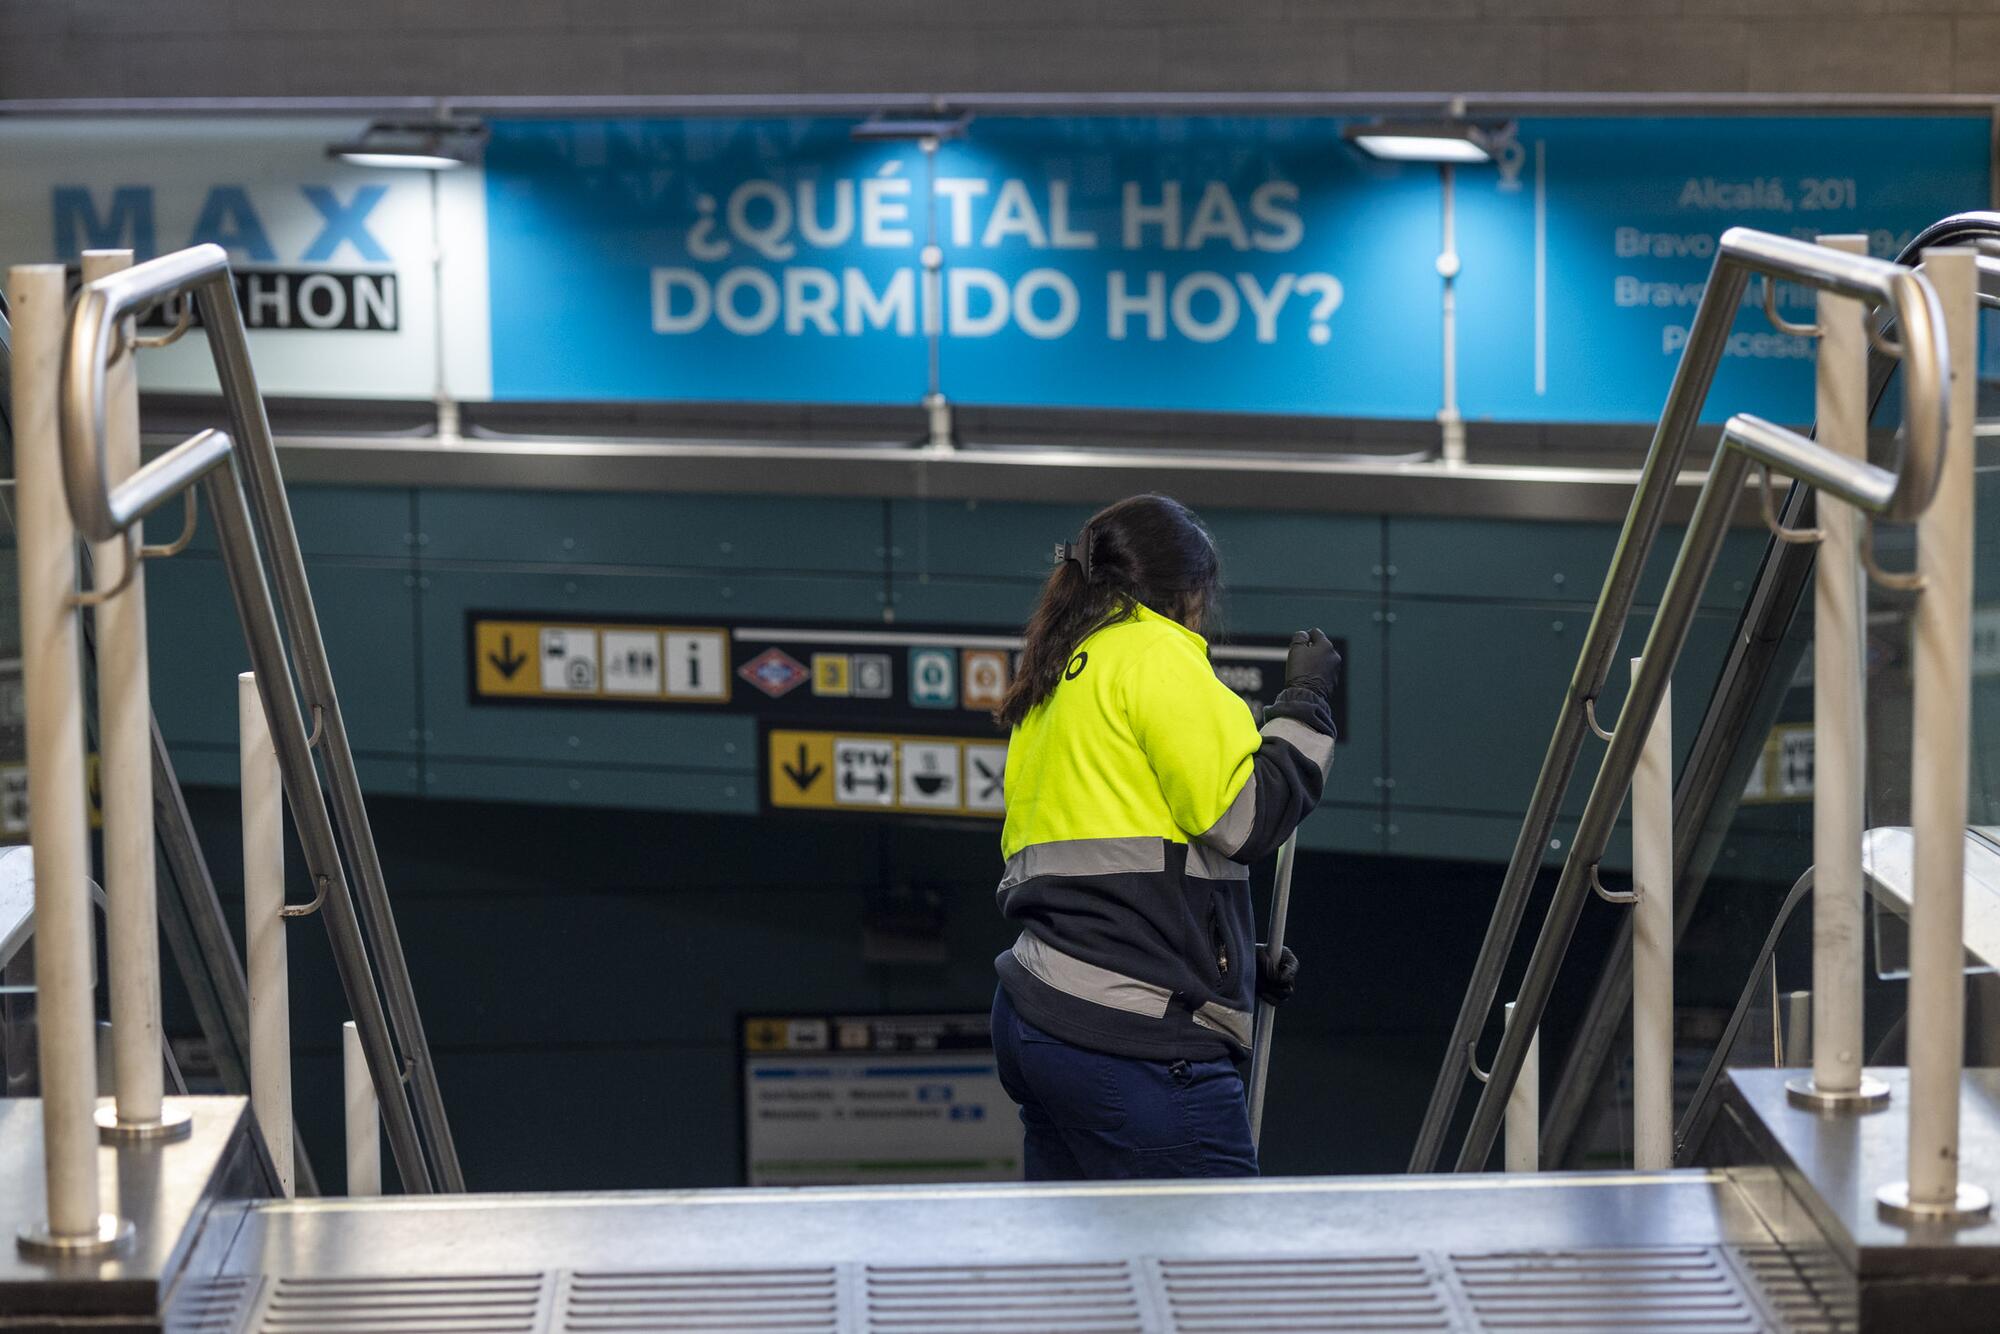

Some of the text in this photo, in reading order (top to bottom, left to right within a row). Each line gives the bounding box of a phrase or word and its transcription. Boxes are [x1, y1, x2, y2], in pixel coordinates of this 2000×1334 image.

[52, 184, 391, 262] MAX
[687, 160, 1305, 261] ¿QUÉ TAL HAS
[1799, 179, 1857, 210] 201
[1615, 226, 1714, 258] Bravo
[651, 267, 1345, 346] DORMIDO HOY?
-----
Problem details: Only the pictures are to be excluded; all other parts of the records above are to be given exactly.

Answer space:
Some of the text in this photo, in reading order (top to bottom, left to right within a row). Each line gives the bounding box of a phrase or word and its transcription. Boxes are [x1, y1, x2, y2], in pixel coordinates of this 2000×1334 image.

[52, 184, 391, 262] MAX
[687, 160, 1305, 261] ¿QUÉ TAL HAS
[1799, 179, 1857, 210] 201
[1615, 226, 1714, 258] Bravo
[651, 267, 1345, 346] DORMIDO HOY?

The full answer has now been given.